> What this task involves: For each record that follows, restate the text exactly and drop the pictures.

↓↓↓

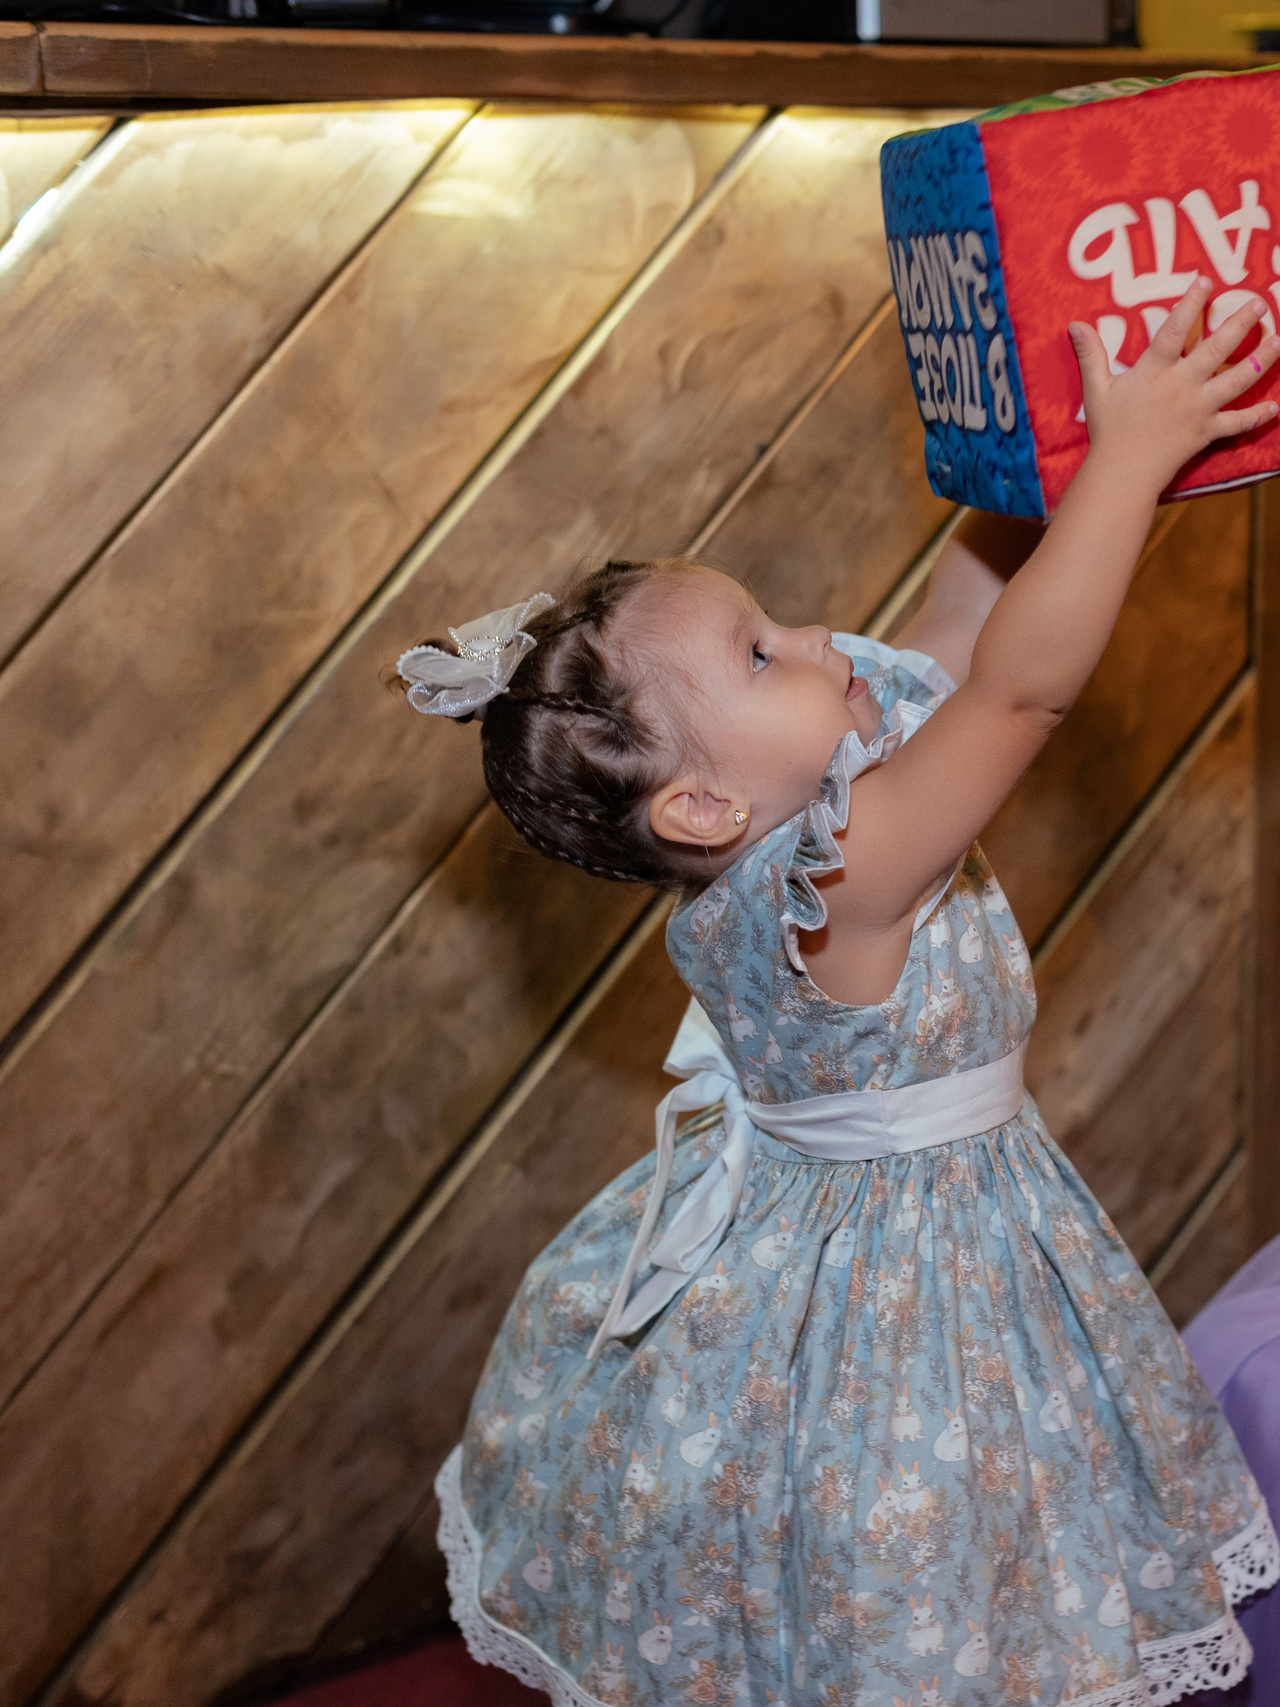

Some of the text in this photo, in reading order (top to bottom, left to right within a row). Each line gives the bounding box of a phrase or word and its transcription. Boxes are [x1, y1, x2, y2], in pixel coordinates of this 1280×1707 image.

[887, 229, 998, 331] ЗАМРИ
[908, 332, 1016, 433] В ПОЗЕ
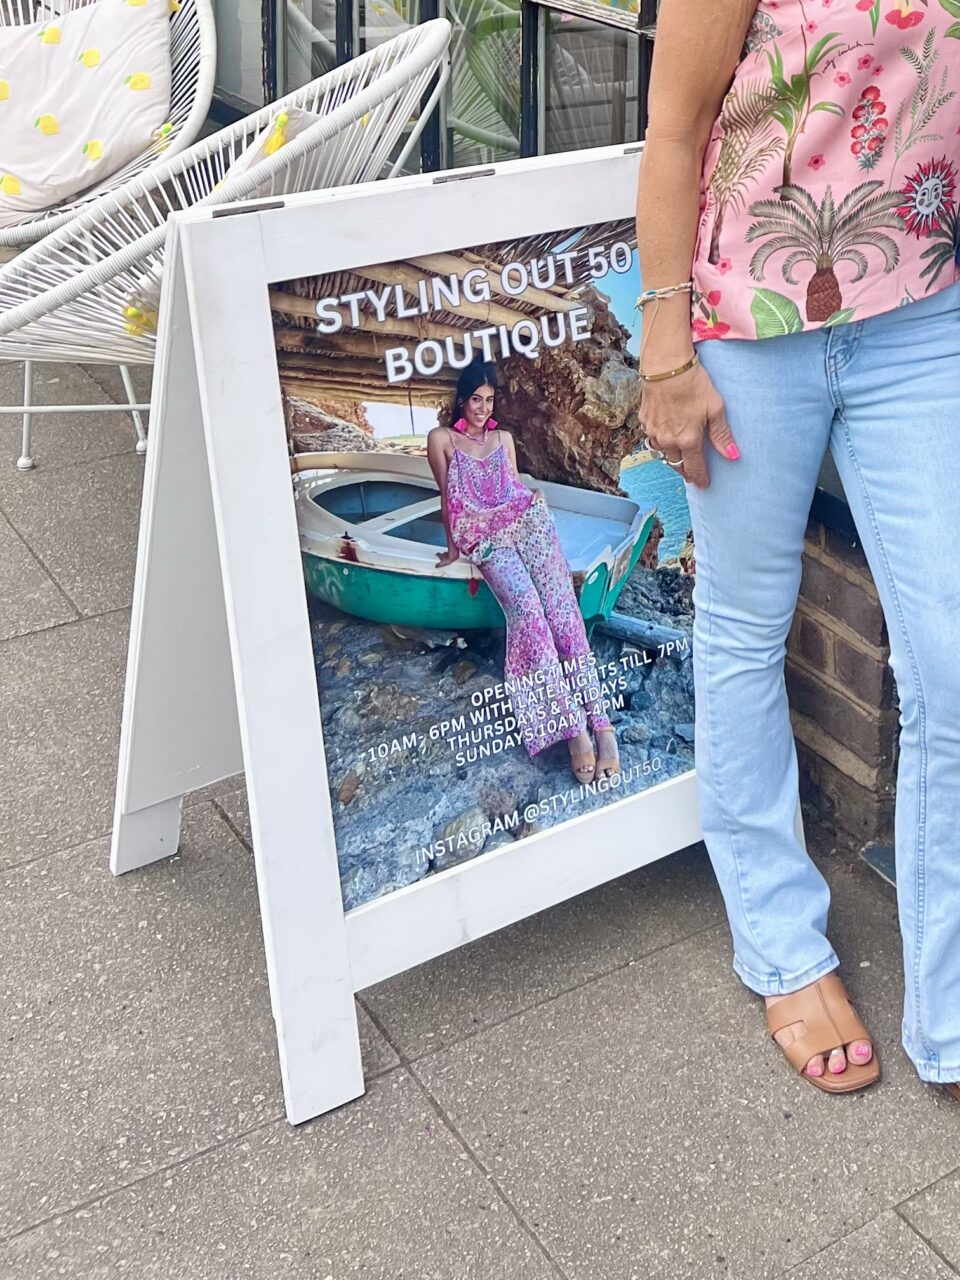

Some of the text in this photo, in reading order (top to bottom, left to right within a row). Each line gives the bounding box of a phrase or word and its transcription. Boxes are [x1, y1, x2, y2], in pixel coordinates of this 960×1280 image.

[316, 241, 632, 334] STYLING OUT 50
[385, 307, 592, 383] BOUTIQUE
[429, 715, 466, 740] 6PM
[470, 700, 513, 725] WITH
[516, 683, 556, 709] LATE
[559, 661, 617, 693] NIGHTS
[620, 651, 652, 671] TILL
[657, 637, 689, 658] 7PM
[447, 676, 628, 751] THURSDAYS & FRIDAYS
[471, 652, 597, 706] OPENING TIMES
[455, 728, 534, 767] SUNDAYS
[539, 712, 583, 737] 10AM
[416, 757, 662, 864] INSTAGRAM @STYLINGOUT50
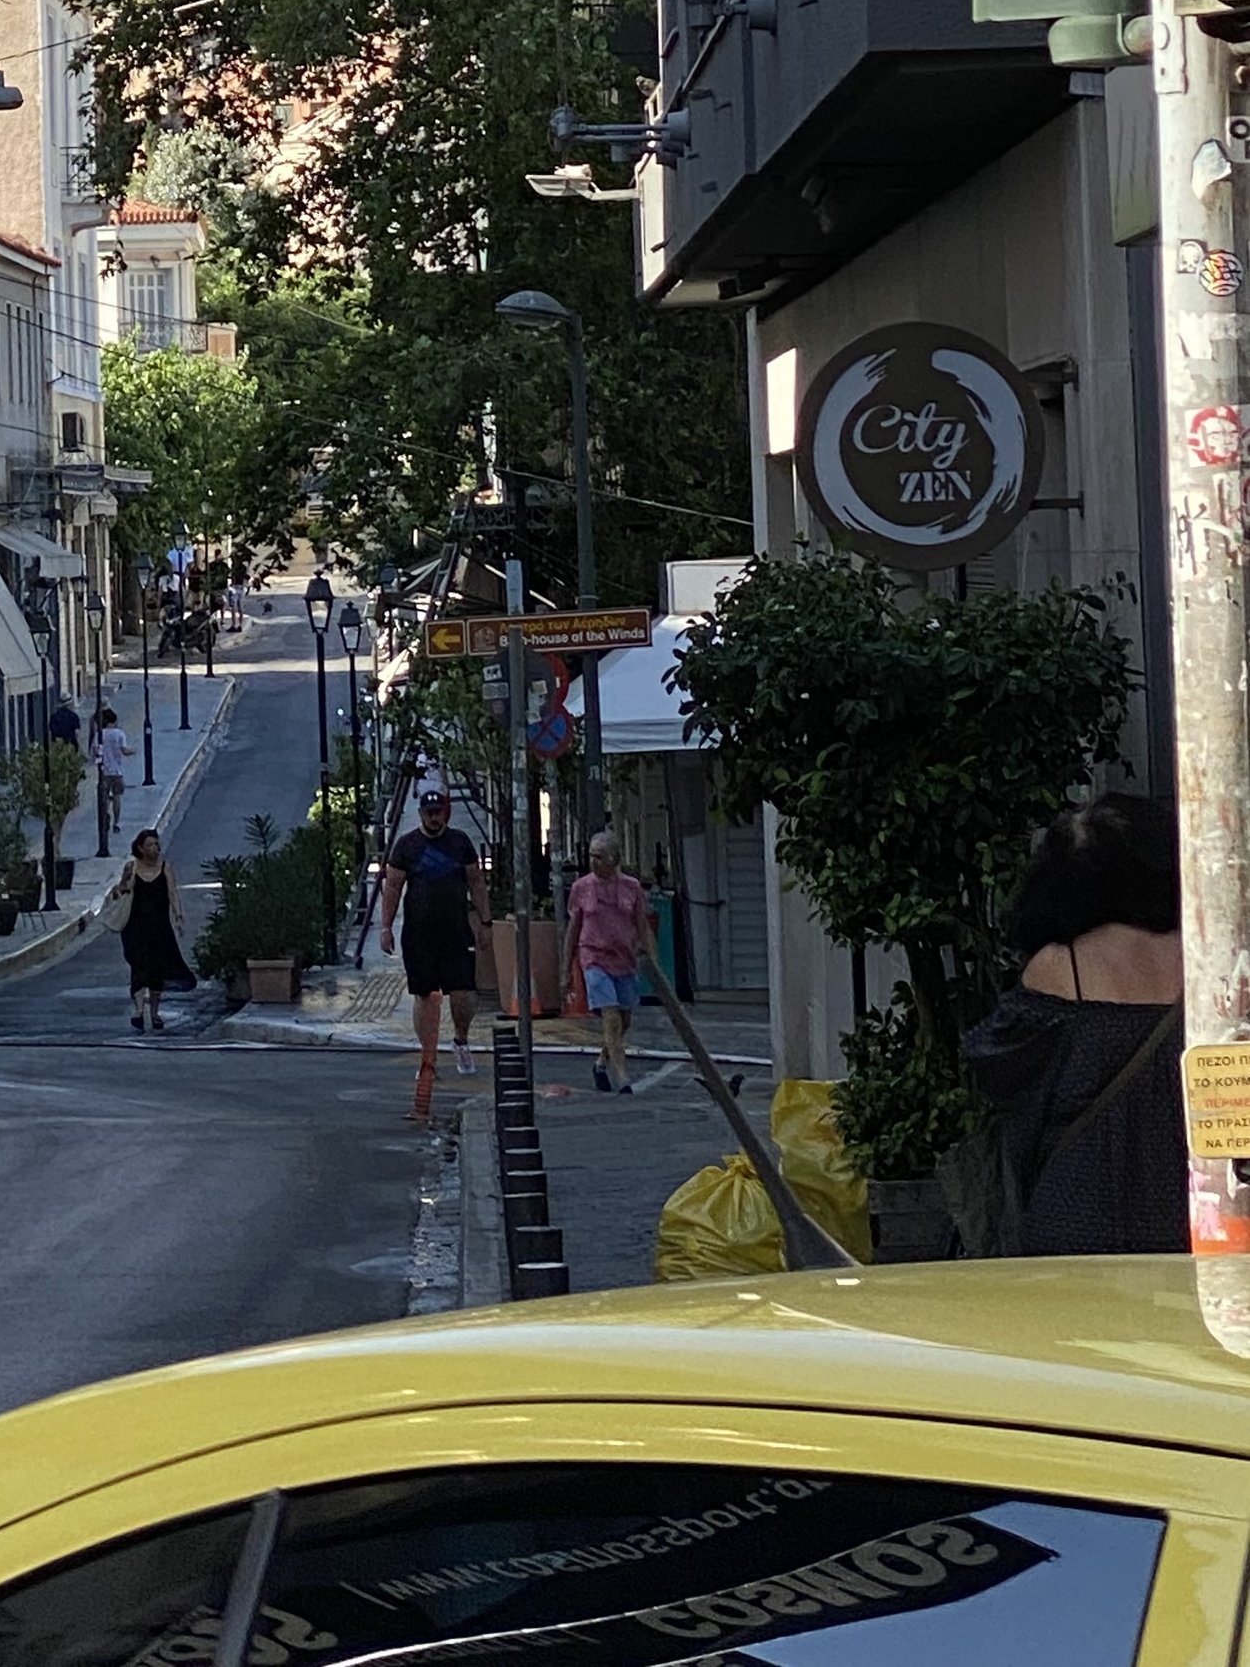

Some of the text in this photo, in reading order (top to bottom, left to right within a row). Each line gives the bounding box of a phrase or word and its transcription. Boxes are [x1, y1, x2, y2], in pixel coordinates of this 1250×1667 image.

[853, 403, 970, 469] City
[900, 470, 971, 503] ZEN
[572, 631, 584, 643] of
[586, 629, 606, 641] the
[608, 626, 645, 640] Winds
[1197, 1056, 1235, 1067] ΠΕΖΟΙ
[1193, 1078, 1210, 1088] ΤΟ
[1198, 1119, 1212, 1129] ΤΟ
[1206, 1138, 1222, 1148] ΝΑ
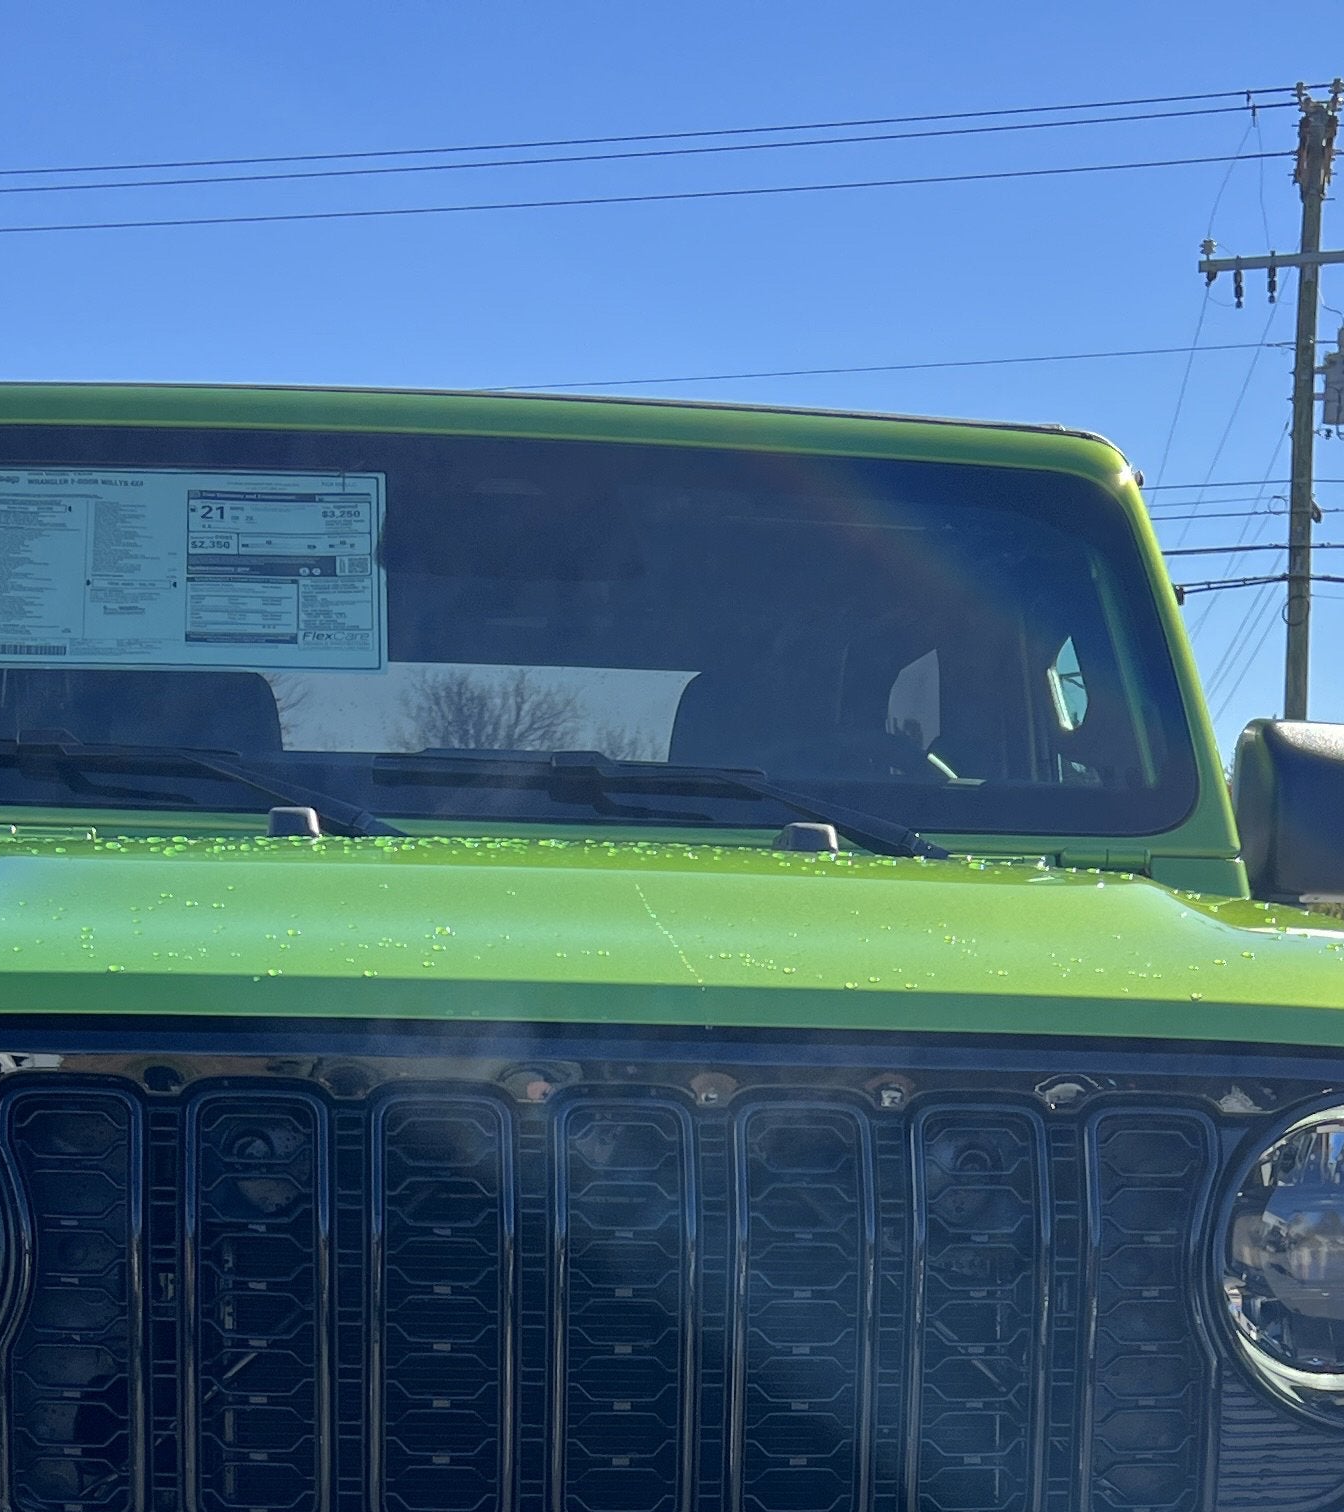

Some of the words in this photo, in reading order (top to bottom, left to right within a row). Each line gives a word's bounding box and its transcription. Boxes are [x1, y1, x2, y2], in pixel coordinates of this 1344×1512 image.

[200, 505, 225, 520] 21
[321, 510, 361, 518] $3,250
[302, 631, 370, 641] FlexCare

↑↑↑

> Output for this exercise:
Some of the text in this photo, in reading order (top to bottom, left to right within a row). Each line gives the bounding box of a phrase or word and its transcription. Boxes are [x1, y1, x2, y2], in pixel coordinates of this 1280×1707 image.

[887, 229, 998, 331] ЗАМРИ
[908, 332, 1016, 433] В ПОЗЕ

Some of the text in this photo, in reading order (top to bottom, left to right within a row). Each line gives the bounding box of a phrase or word and its transcription. Boxes are [x1, y1, x2, y2], in pixel coordinates of this 960×1280 image.

[316, 241, 632, 334] STYLING OUT 50
[385, 307, 592, 383] BOUTIQUE
[429, 715, 466, 740] 6PM
[470, 700, 513, 725] WITH
[516, 683, 556, 709] LATE
[559, 661, 617, 693] NIGHTS
[620, 651, 652, 671] TILL
[657, 637, 689, 658] 7PM
[447, 676, 628, 751] THURSDAYS & FRIDAYS
[471, 652, 597, 706] OPENING TIMES
[455, 728, 534, 767] SUNDAYS
[539, 712, 583, 737] 10AM
[416, 757, 662, 864] INSTAGRAM @STYLINGOUT50

Some of the text in this photo, in reading order (top to bottom, left to right within a row). Each line gives the bounding box of a phrase or word and its transcription. Boxes are [x1, y1, x2, y2], in pixel coordinates of this 1250×1667 image.

[853, 403, 970, 469] City
[900, 470, 971, 503] ZEN
[572, 631, 584, 643] of
[586, 629, 606, 641] the
[608, 626, 645, 640] Winds
[1197, 1056, 1235, 1067] ΠΕΖΟΙ
[1193, 1078, 1210, 1088] ΤΟ
[1198, 1119, 1212, 1129] ΤΟ
[1206, 1138, 1222, 1148] ΝΑ

Some of the words in this photo, in reading order (top to bottom, left to right within a row). Each line gives a word's bounding box and its transcription. Boxes are [x1, y1, x2, y2], in pixel coordinates of this 1344×1512 image.

[200, 505, 225, 520] 21
[321, 510, 361, 518] $3,250
[302, 631, 370, 641] FlexCare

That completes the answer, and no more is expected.